Realizing the Potential of FAIR Data Sharing in Life Sciences

The FAIR data principles – making research data Findable, Accessible, Interoperable, and Reusable – are an important framework guiding efforts to improve data management and sharing in the life sciences. Properly implementing FAIR has the potential to accelerate discovery, enable new integrative analyses, reduce duplicated efforts, and promote open and reproducible science. However, realizing this potential in practice faces a myriad of technical, ethical, motivational, and infrastructure challenges.

A survey on data sharing attitudes found 90% of life scientists support FAIR principles, but only 22% applied them in practice (Ali et al., 2020). This gap highlights hurdles still needing community-wide effort. Challenges include lack of standards, privacy/ethics concerns, proprietary data interests, outdated databases, few incentives, and cultural inertia against open data (Samur et al., 2021). But the tide is turning, with growing policies and initiatives aimed at facilitating and rewarding FAIR data sharing.

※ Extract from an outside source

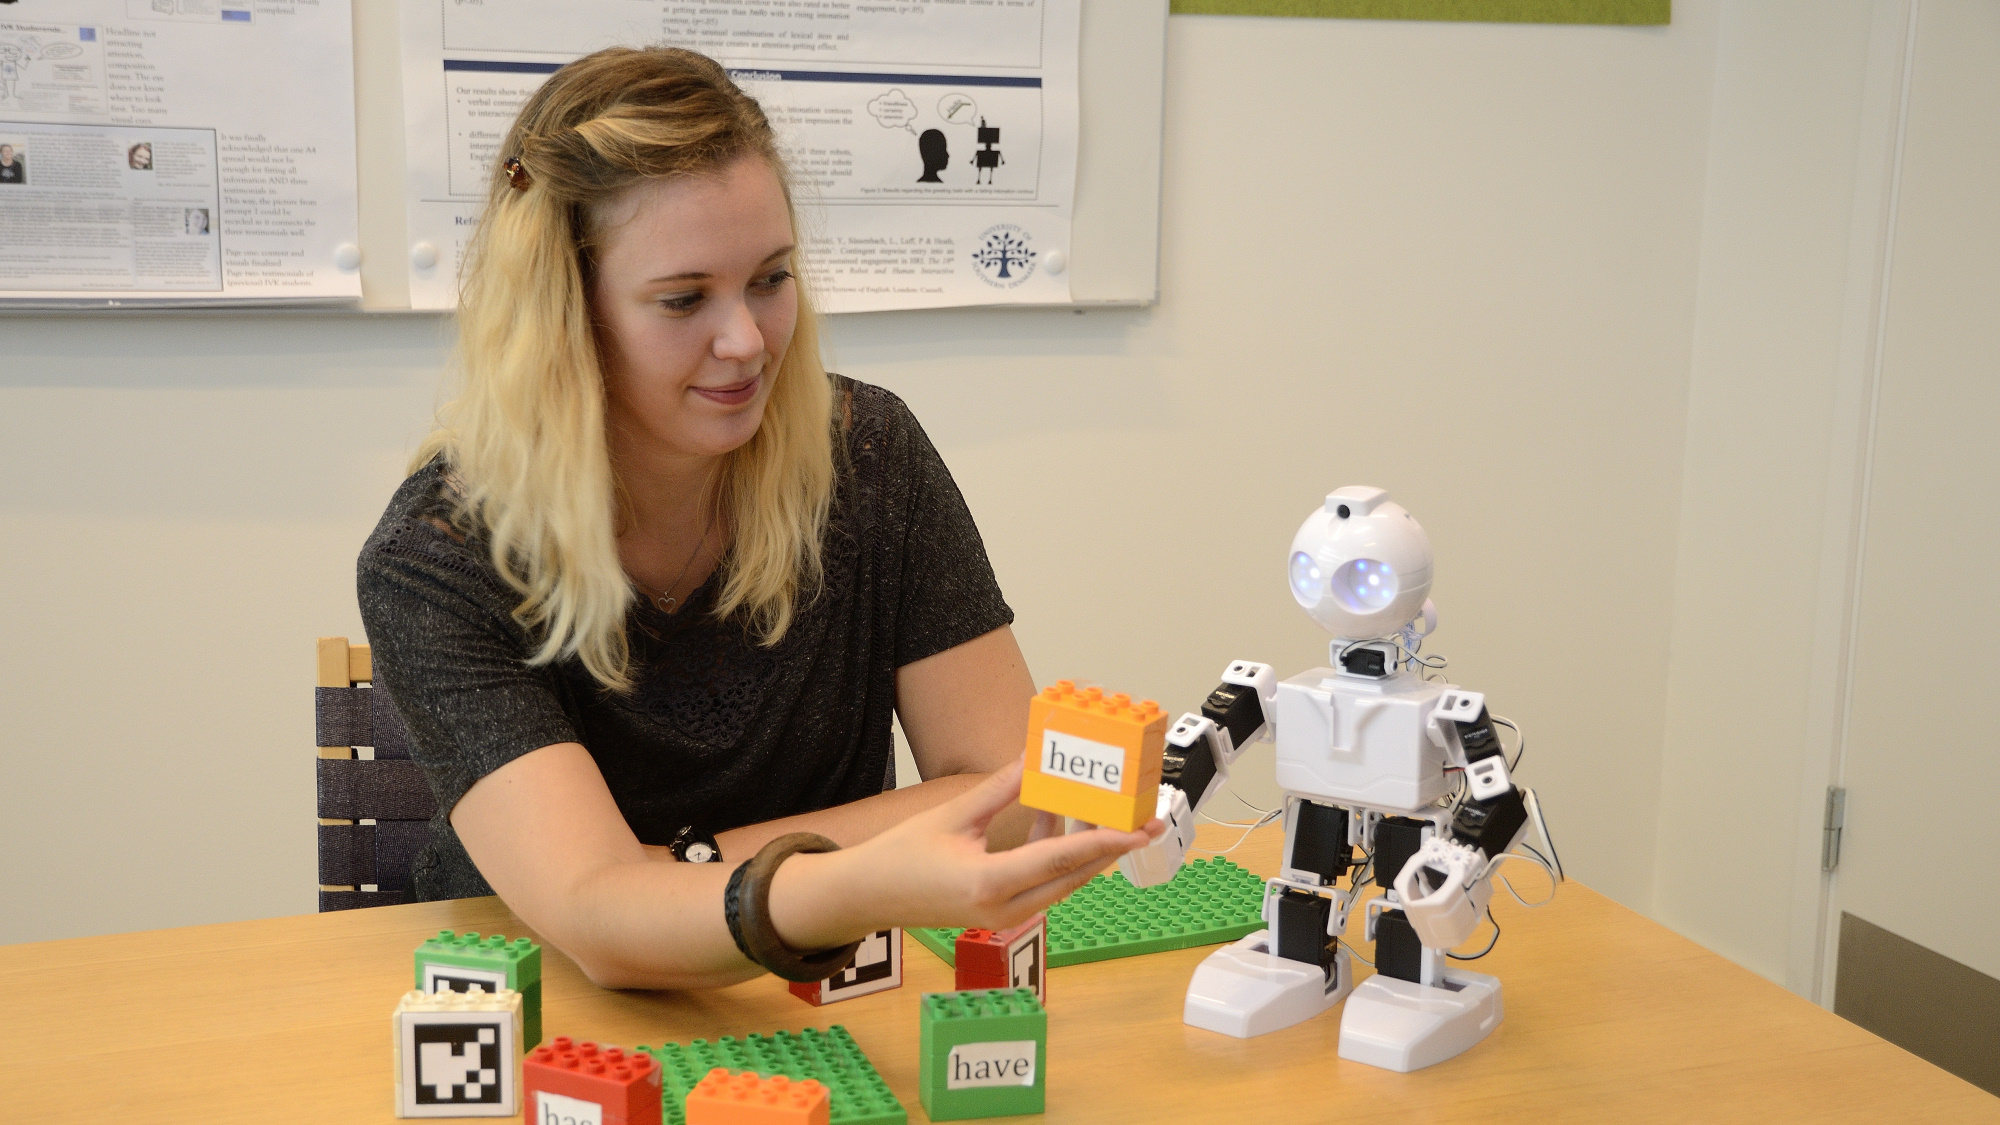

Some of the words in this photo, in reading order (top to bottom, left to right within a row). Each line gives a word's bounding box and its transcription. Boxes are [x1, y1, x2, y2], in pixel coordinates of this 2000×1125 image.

Funders like the NIH, Wellcome Trust and Chan Zuckerberg Initiative now require FAIR data management plans for grants (Hodson et al., 2021). The NIH STRIDES initiative is developing ontologies, identifiers and standards to enhance biomedical data FAIRness (Sansone et al., 2019). Publishers are increasingly mandating open data availability for publication, with some requiring FAIR principles (Cousijn et al., 2021). Repositories are collaborating on federated systems, like NIH’s AnVIL, to enable unified analyses across datasets (Raj et al., 2020). And large pharma companies like GSK are voluntarily releasing clinical trial data in machine-readable formats (Norgeot et al., 2020).

Beyond top-down policies, community efforts such as GO FAIR are providing implementation guides, tools, and training to address FAIR adoption challenges (Jacobsen et al., 2020). The ELIXIR FAIRplus project helps train researchers on FAIR data stewardship and provides templates for data management plans (Lin et al., 2021). The FAIRsharing registry indexes standards, repositories, and policies to improve findability of resources (Sansone et al., 2019). And the open source CEDAR metamodel enables semantically annotating and integrating biomedical data (Yu et al., 2020).

These initiatives demonstrate that, while challenging, concerted efforts across stakeholders can systematically address barriers to FAIR data sharing. But continued progress requires focused work, including:

  • Developing standardized ontologies, identifiers, and semantic annotations tailored for biomedicine data (Yu et al., 2020).
  • Federation of repositories into searchable data commons, while maintaining data protections (Raj et al., 2020).
  • Publisher enforcement of open data policies, with FAIR requirements (Cousijn et al., 2021).
  • Funders providing infrastructure and incentives for FAIR data curation and sharing (Hodson et al., 2021).
  • Showcasing benefits of FAIR sharing through use cases and success stories (Jacobsen et al., 2020).
  • Training researchers on FAIR skills, and meaningful cultural changes (Lin et al., 2021).

The life sciences community is recognizing that the benefits of FAIR data sharing outweigh the costs. Through continued collaboration, development of tools and standards, and implementation of supportive policies, the goal of FAIR data driving discovery can be translated into reality. But this requires deliberate, long-term effort to reshape practices and norms around open sharing and responsible reuse of biomedical data.